Instructions to follow: Only the pictures should be dropped; copy the rest of the entries exactly.

[Saved data entries]

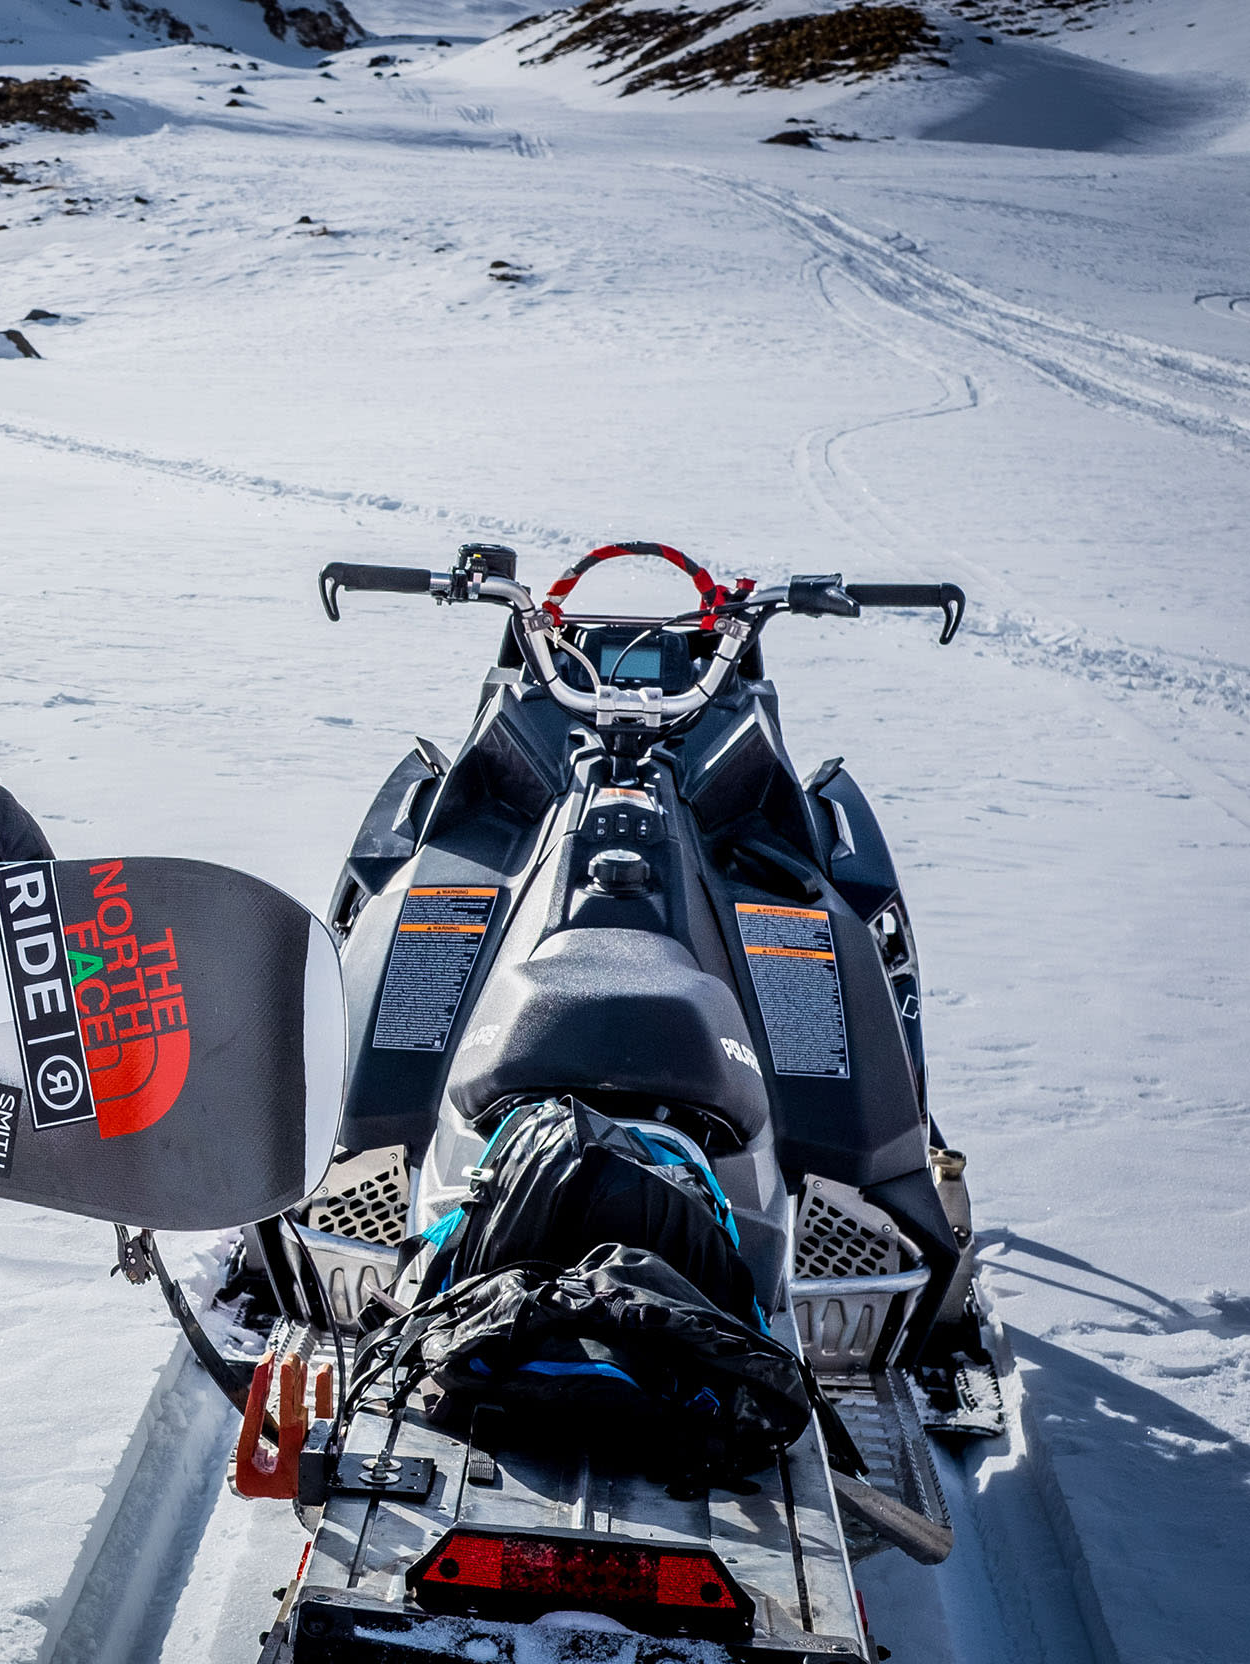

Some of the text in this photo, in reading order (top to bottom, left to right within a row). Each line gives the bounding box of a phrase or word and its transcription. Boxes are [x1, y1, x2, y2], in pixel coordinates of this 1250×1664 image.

[4, 870, 67, 1021] RIDE
[63, 919, 117, 1047] FACE
[89, 859, 153, 1039] NORTH
[140, 927, 188, 1032] THE
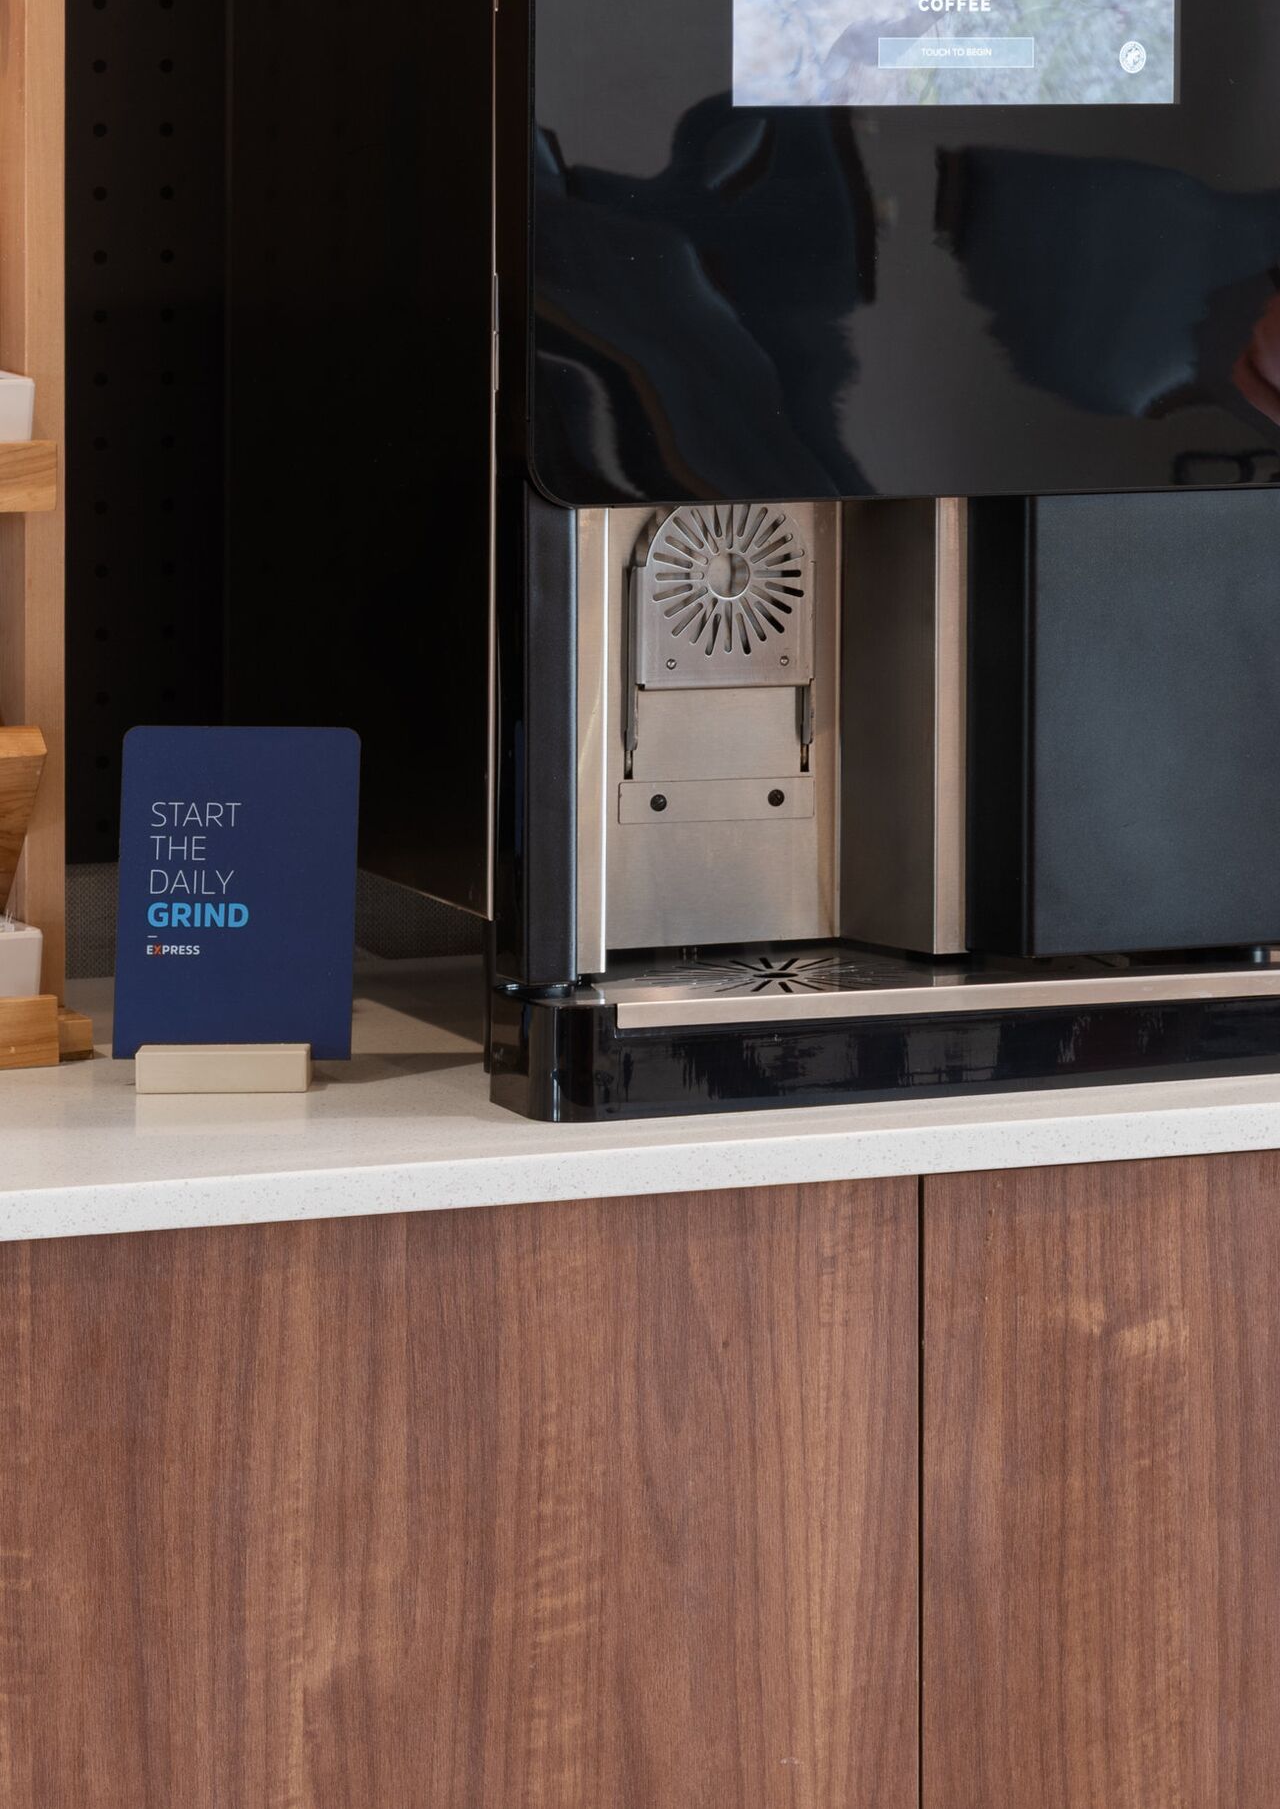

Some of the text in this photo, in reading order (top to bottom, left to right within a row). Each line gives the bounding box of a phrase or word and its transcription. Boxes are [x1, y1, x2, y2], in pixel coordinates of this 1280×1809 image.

Exercise output:
Some of the text in this photo, in reading order (top to bottom, left to right within a row). Each line gives the bounding box of a phrase or word and its transcription. Boxes are [x1, y1, x2, y2], in pixel coordinates of this 1250×1664 image.

[4, 870, 67, 1021] RIDE
[63, 919, 117, 1047] FACE
[89, 859, 153, 1039] NORTH
[140, 927, 188, 1032] THE

Some of the text in this photo, in reading order (top to bottom, left to right within a row). Each line gives the bounding box of a phrase or word and its transcription. Boxes are [x1, y1, x2, y2], in pixel coordinates of this 1280×1809 image.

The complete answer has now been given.